[Task description] All the lines below need retyping exactly, apart from the images.

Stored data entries
——

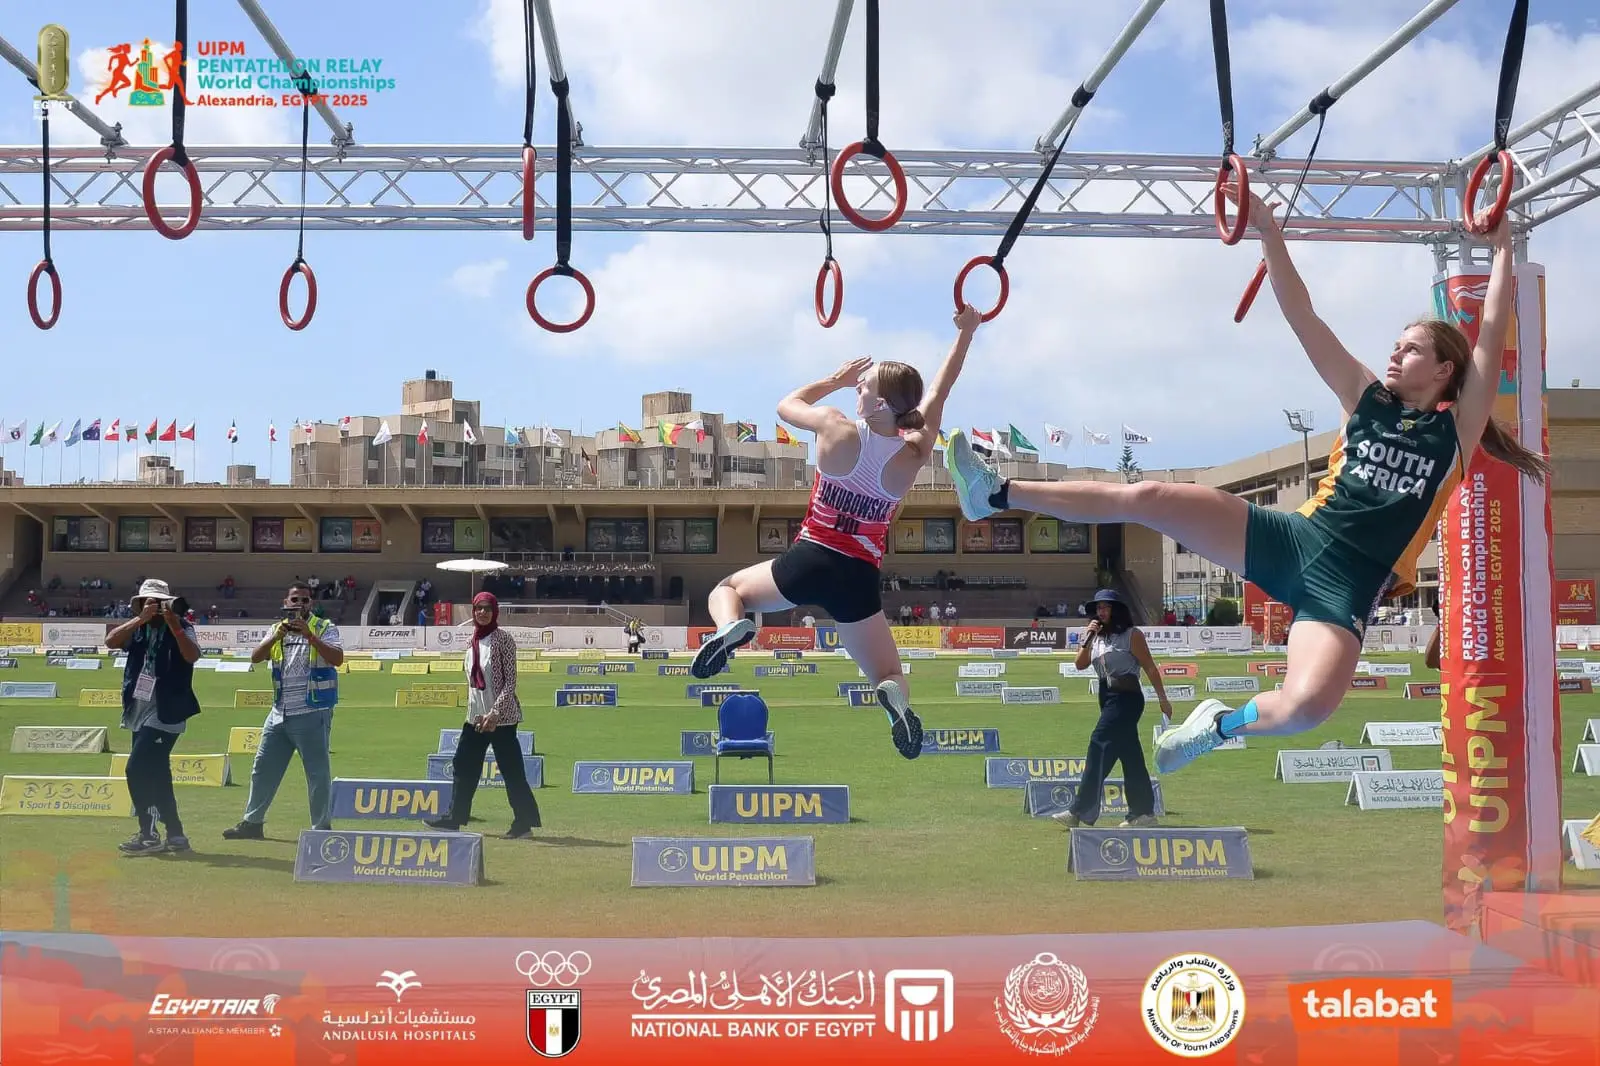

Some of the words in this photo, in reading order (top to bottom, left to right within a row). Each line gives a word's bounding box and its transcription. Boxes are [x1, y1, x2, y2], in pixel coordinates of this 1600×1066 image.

[1357, 440, 1435, 477] SOUTH
[1350, 463, 1426, 499] AFRICA
[1460, 486, 1471, 540] RELAY
[1489, 500, 1501, 534] 2025
[1471, 472, 1488, 605] Championships
[1490, 536, 1502, 581] EGYPT
[1461, 545, 1473, 661] PENTATHLON
[369, 629, 410, 637] EGYPTAIR
[1030, 631, 1057, 641] RAM
[1474, 607, 1488, 661] World
[1490, 584, 1505, 662] Alexandria,
[605, 664, 628, 672] UIPM
[664, 667, 689, 675] UIPM
[794, 665, 810, 673] IPM
[567, 693, 605, 705] UIPM
[936, 731, 984, 745] UIPM
[1028, 759, 1086, 776] UIPM
[1465, 685, 1510, 832] UIPM
[613, 768, 674, 785] UIPM
[27, 801, 51, 811] Sport
[54, 801, 60, 809] 5
[62, 801, 111, 811] Disciplines
[354, 788, 439, 815] UIPM
[736, 793, 823, 818] UIPM
[354, 836, 449, 867] UIPM
[692, 845, 788, 872] UIPM
[1132, 838, 1227, 866] UIPM
[353, 865, 385, 876] World
[388, 866, 447, 878] Pentathlon
[694, 872, 727, 881] World
[729, 872, 788, 881] Pentathlon
[1137, 867, 1169, 876] World
[1171, 866, 1228, 876] Pentathlon
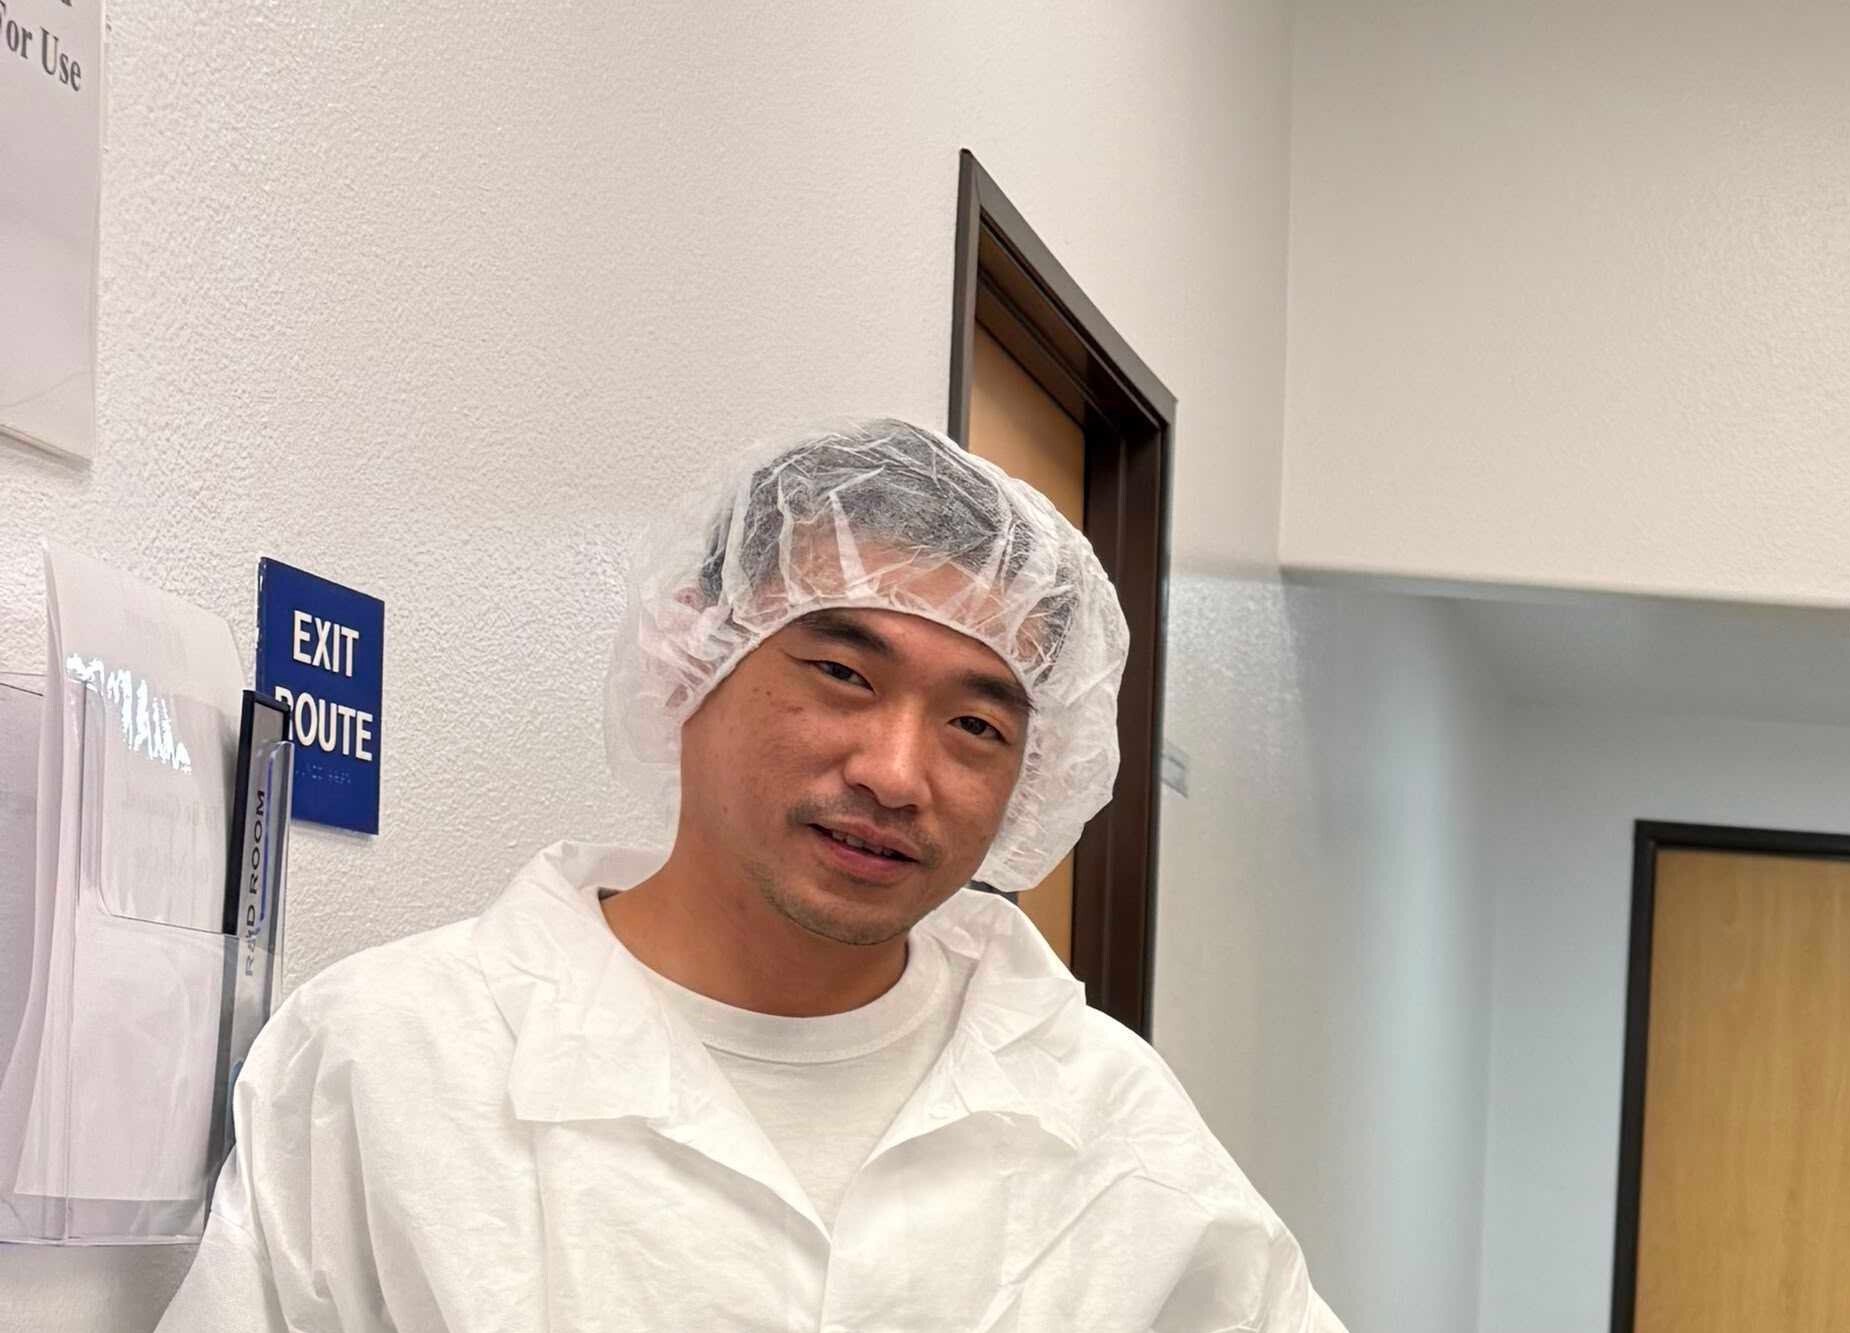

——

[Result of this exercise]
Some of the words in this photo, in reading order (top to bottom, left to right within a row). Each line gives a word's bounding box and its transcription. Boxes are [x1, y1, x2, y2], in pixel coordinates of this 1600×1066 image.

[1357, 440, 1435, 477] SOUTH
[1350, 463, 1426, 499] AFRICA
[1460, 486, 1471, 540] RELAY
[1489, 500, 1501, 534] 2025
[1471, 472, 1488, 605] Championships
[1490, 536, 1502, 581] EGYPT
[1461, 545, 1473, 661] PENTATHLON
[369, 629, 410, 637] EGYPTAIR
[1030, 631, 1057, 641] RAM
[1474, 607, 1488, 661] World
[1490, 584, 1505, 662] Alexandria,
[605, 664, 628, 672] UIPM
[664, 667, 689, 675] UIPM
[794, 665, 810, 673] IPM
[567, 693, 605, 705] UIPM
[936, 731, 984, 745] UIPM
[1028, 759, 1086, 776] UIPM
[1465, 685, 1510, 832] UIPM
[613, 768, 674, 785] UIPM
[27, 801, 51, 811] Sport
[54, 801, 60, 809] 5
[62, 801, 111, 811] Disciplines
[354, 788, 439, 815] UIPM
[736, 793, 823, 818] UIPM
[354, 836, 449, 867] UIPM
[692, 845, 788, 872] UIPM
[1132, 838, 1227, 866] UIPM
[353, 865, 385, 876] World
[388, 866, 447, 878] Pentathlon
[694, 872, 727, 881] World
[729, 872, 788, 881] Pentathlon
[1137, 867, 1169, 876] World
[1171, 866, 1228, 876] Pentathlon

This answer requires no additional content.